The fan for my inverter has been runing for the last couple of days, if not longer. I noticed it running yesterday and have checked it several times and it has not been off. I am on shore power, the battery check indicates a full charge, and nothing in the TT is turned on. Anyone ever have this problem? Any suggestions, please? Thanks, Eugene


----------



## Ghosty

Mine runs all the time also -- I think its designed to do that -- becuase bascially its always working -- if its plugged into shore power its constantly topping off the batteries --


----------



## ee4308

Ghosty said:


> Mine runs all the time also -- I think its designed to do that -- becuase bascially its always working -- if its plugged into shore power its constantly topping off the batteries --
> [snapback]114743[/snapback]​


Hey, thanks Ghosty.







I was a little worried that something miight be wrong by it running and nothing turned on. Thanks for the peace of mind.


----------



## nascarcamper

Mine cycles on and off. I think it's on a thermostat.


----------



## old_tidefan

Maybe the ol' RKS is just ready for the return trip to Topsail


----------



## PDX_Doug

Our inverter fan tends to run for long periods of time also. It does cycle off now and then, but I have heard it running for the better part of a weekend.

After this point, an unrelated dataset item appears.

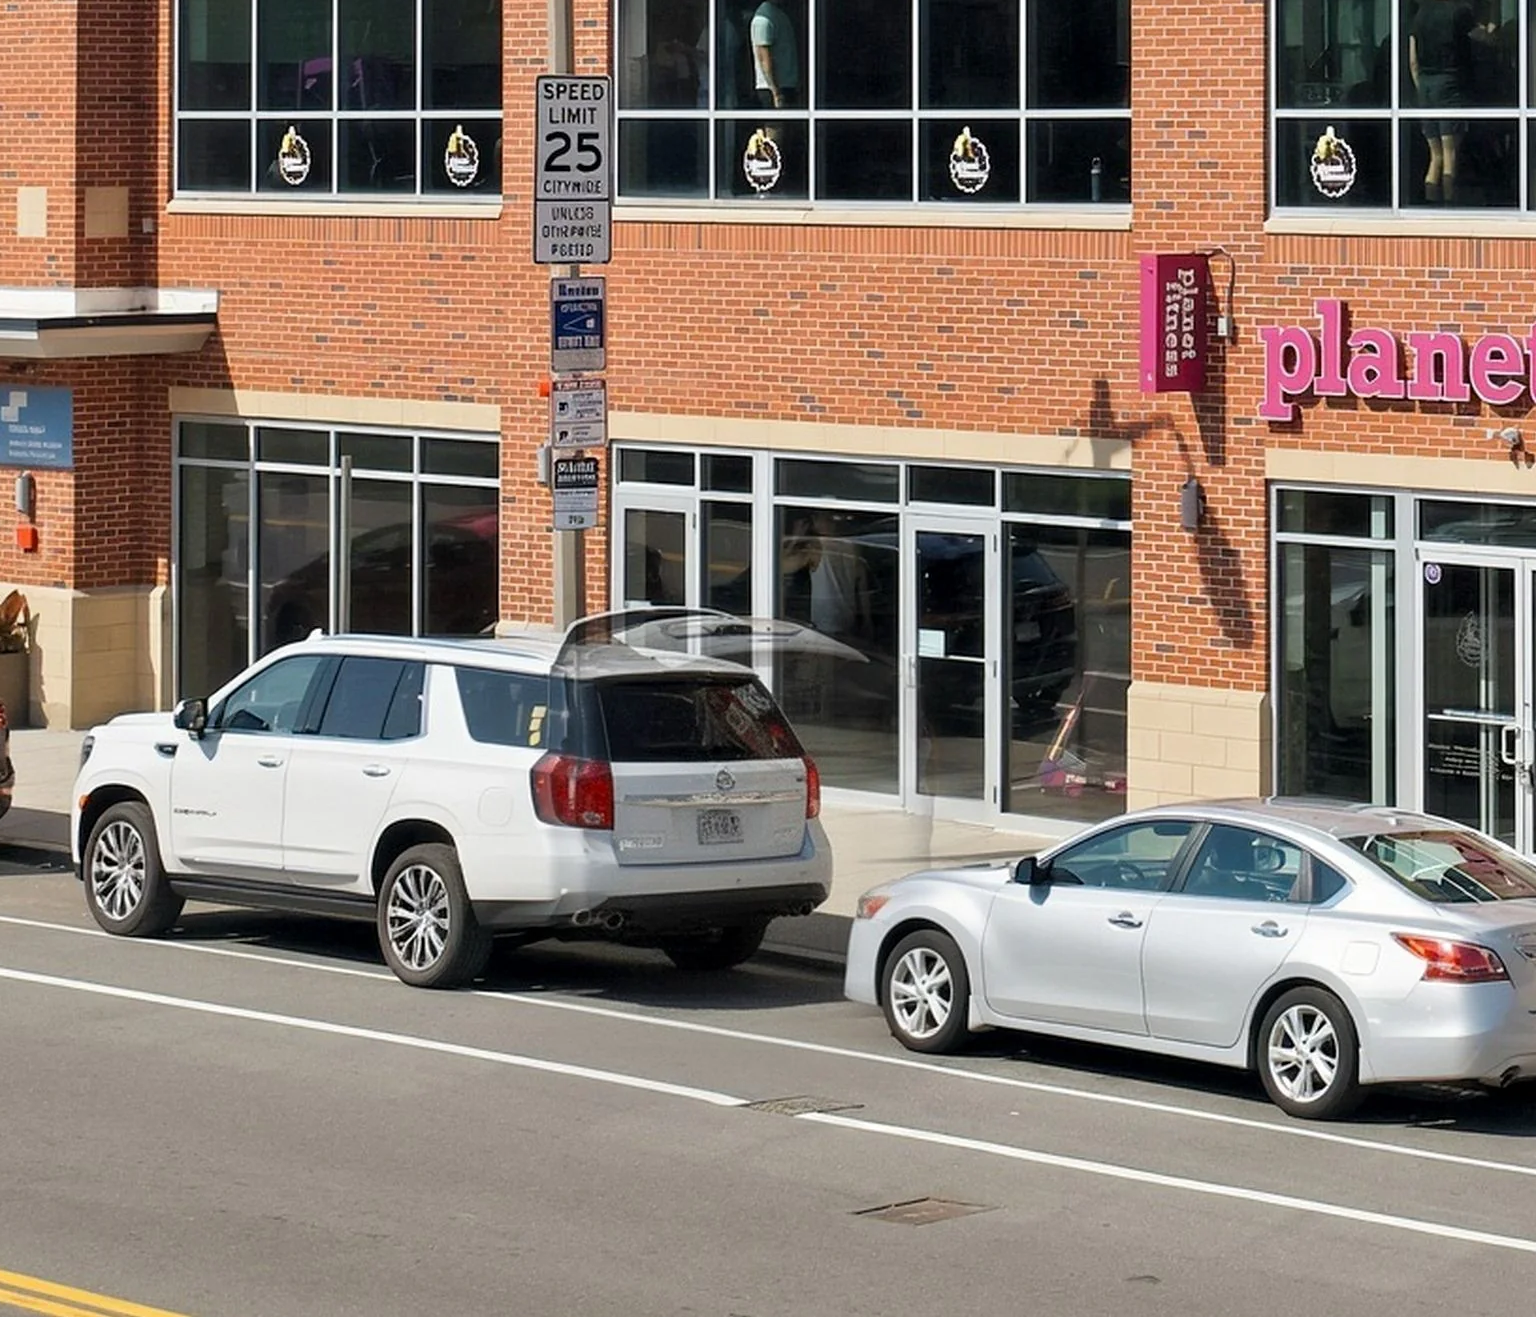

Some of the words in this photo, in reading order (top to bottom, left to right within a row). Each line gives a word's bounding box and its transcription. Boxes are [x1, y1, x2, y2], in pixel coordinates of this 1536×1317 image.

Of course, our OEM batteries are c***, so it does not surprise me that it is working so hard to kep them topped off!









Happy Trails,
Doug


----------



## Dreamtimers

Mine also ran for a log time with no load on it (other than the _CO_? detector). In the past it cycled more. after a while I unhooked from shore power and let it reset. Later reconnected shore power and it went back to cycling. And yes, I have a battery disconnect sw.

Dave


----------



## RVCarolina

My inverter fan seems to run only when you turn on more than 1 light for more than a couple of minutes, then it will cycle on-off every few minutes - unless you turn on a lot of lights, then it runs continuously. I wonder, is your refrigerator door-frame heater turned on? (the black switch hidden above freezer door) not sure if this is a 12v load. Maybe this is whats causing your fan to run.
Fred


----------



## ee4308

RVCarolina said:


> My inverter fan seems to run only when you turn on more than 1 light for more than a couple of minutes, then it will cycle on-off every few minutes - unless you turn on a lot of lights, then it runs continuously. I wonder, is your refrigerator door-frame heater turned on? (the black switch hidden above freezer door) not sure if this is a 12v load. Maybe this is whats causing your fan to run.
> Fred
> [snapback]114808[/snapback]​


Fred,

That is when I would notice mine running also, when turning on 2-3 lights for a while. I just noticed this week that it was running without anything being turned on and thought it was unsual







Guess that is the way it should operate though, according to what most have posted. I just checked and my door-frame heater switch is turned off, and the inverter is not even running this morning. Guess it is resting up.







Thanks, EE


----------



## HootBob

Mine also runs for quite a long time then off and on 
depending on what we have turned on inside

Don


----------



## huntr70

Mine hardly ever runs.

Like others have said, if a few lights are on, it will run for maybe 10 minutes and trun off again.

Steve


----------



## CamperAndy

Guys this is a small point but the device in question is a "Converter" in that it converts AC to DC, an "Inverter", inverts DC to AC.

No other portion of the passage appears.